Soil resilience should first be looked at in terms of soil formation and development (pedogenesis), a continuous process taking thousands of years – this puts into context the short time that humans have so extensively utilised, changed and depended directly on soil. Pedogenesis is the result of five factors: the first two are parent material and topography, which are passive and contribute to soil mass and position; the next two are climate and the biosphere, which are active and supply the energy in soil formation. Finally, there is time.

It is the active factors in soil formation that vary so as to constitute an environmental change or shock. Over time, variations have been significant:

- Over millions of years the soil has endured varying atmospheric conditions including a complete absence of oxygen and associated behaviour of soil elements in a reducing environment, and the establishment of life – particularly of terrestrial vegetation 420 million years ago.
- Over ten thousand years and following the last ice age, though average climate has remained relatively stable, the soil has faced periods of extended wet, dry and fire.

If soil were not resilient, then in the face of past influences it would not be in any condition to support the natural and commercial services that we expect of it currently. So what do we expect of soil resilience?

- Constant or evolving state? – Do we expect that the soil to remain constant – to continue to provide the same environmental and commercial services as at present, or; that it will establish a new equilibrium?
- How long will it take? – How long do we expect soils to ‘hold out’ or adjust, and are we realistic about pedological time?

==Australian context==

In Australia, the above questions are relevant given the strong dependence on the soil, yet the significant degradation of soils over little more than 200 years due to adoption of European styled agriculture. This is in the context of the real prospect of climate change, cyclical drought and other degrading affects.

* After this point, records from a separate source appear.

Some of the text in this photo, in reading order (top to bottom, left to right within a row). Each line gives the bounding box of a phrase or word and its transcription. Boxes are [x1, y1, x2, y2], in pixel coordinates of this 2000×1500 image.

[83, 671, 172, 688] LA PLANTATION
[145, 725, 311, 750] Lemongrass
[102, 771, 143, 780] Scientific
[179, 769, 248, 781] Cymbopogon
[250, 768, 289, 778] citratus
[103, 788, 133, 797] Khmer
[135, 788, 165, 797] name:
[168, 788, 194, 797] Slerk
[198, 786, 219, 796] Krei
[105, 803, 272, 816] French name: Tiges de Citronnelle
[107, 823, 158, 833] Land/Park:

It is in the interest of humans to sustain soils as this is the essence of our existence: the maintenance of fertile soil is "one of the most vital ecological services the living world performs"; the "mineral and organic contents of soil must be replenished constantly as plants consume soil elements and pass them up the food chain".

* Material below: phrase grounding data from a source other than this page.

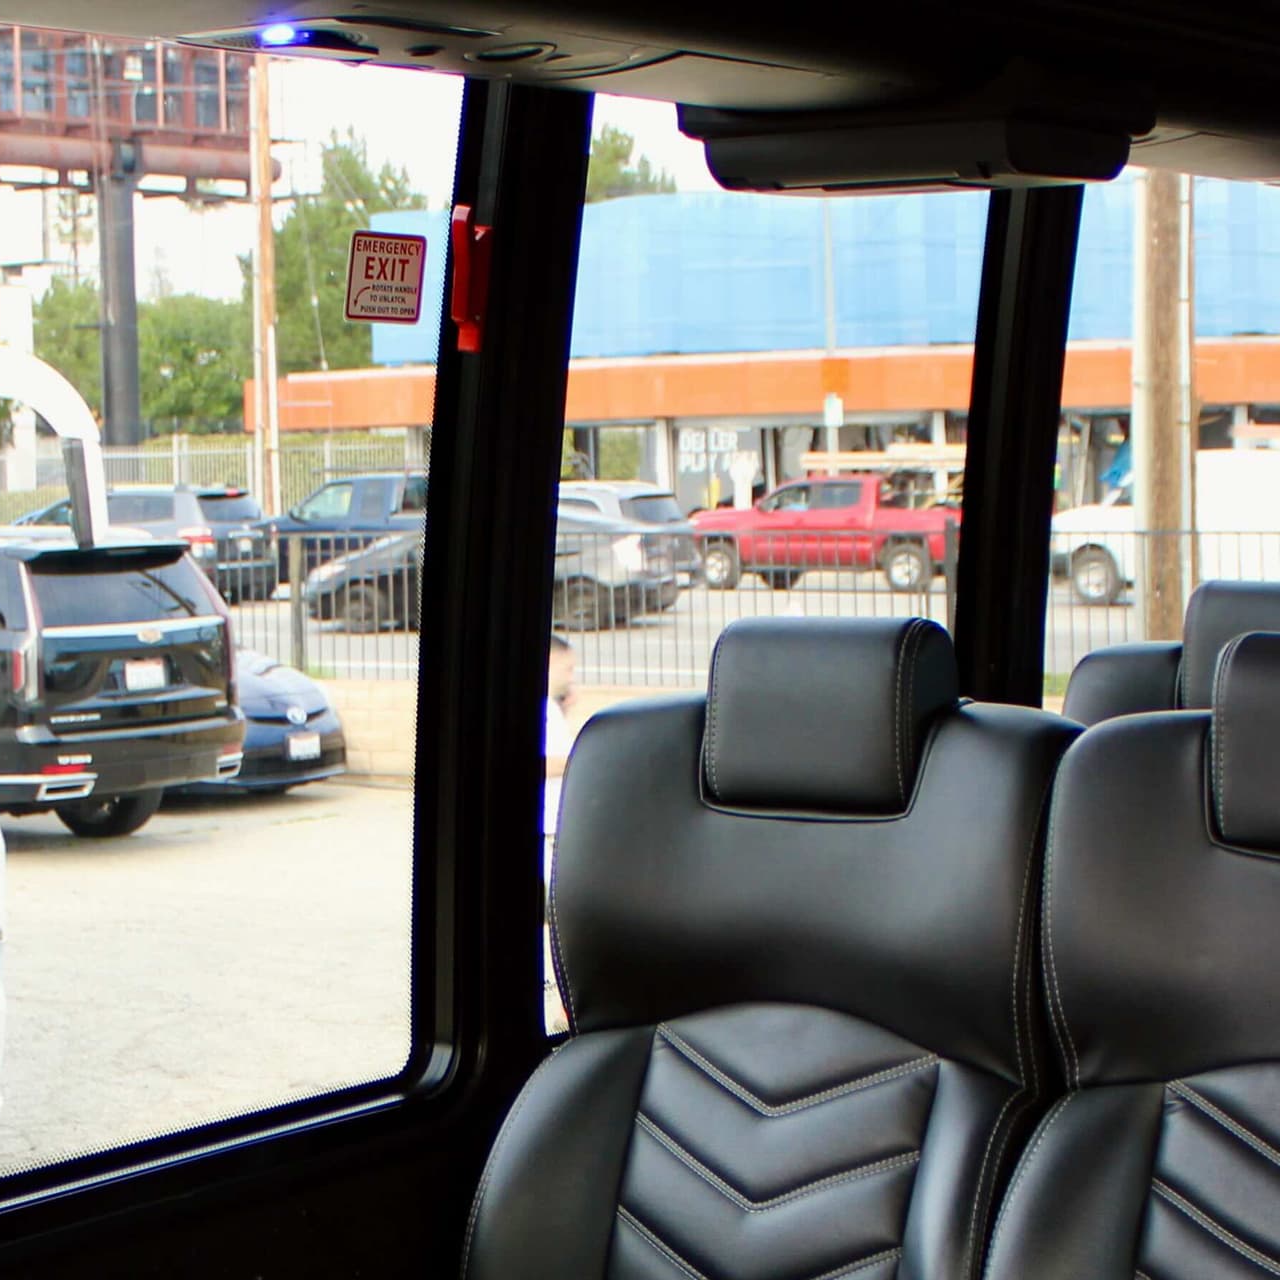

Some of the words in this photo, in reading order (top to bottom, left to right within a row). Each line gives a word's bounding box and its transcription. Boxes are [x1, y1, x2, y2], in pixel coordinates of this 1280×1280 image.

[356, 240, 421, 256] EMERGENCY
[364, 256, 410, 282] EXIT
[372, 284, 393, 292] ROTATE
[370, 294, 378, 302] TO
[360, 305, 376, 313] PUSH
[377, 306, 389, 314] OUT
[399, 308, 416, 316] OPEN

It is claimed by Watson (1992) that the ecosystems of Australia, which have evolved over millennia, have been decimated over the last 200 years. Our expectation has been one of ongoing environmental and commercial service, yet the practices applied have been unsustainable and have led to such soil related problems as salinity, acidity, nutrient decline, erosion and structure decline.

Barrow (1991) claims that despite decades of humans talking of an impending environmental crisis, including the breaking point of our soils' fertility, threats to the environment have continued to grow faster than the willingness to control them. Even with good intentions and best farming practices, still we are caught out by drought and wet periods, which cause unsustainable degradation.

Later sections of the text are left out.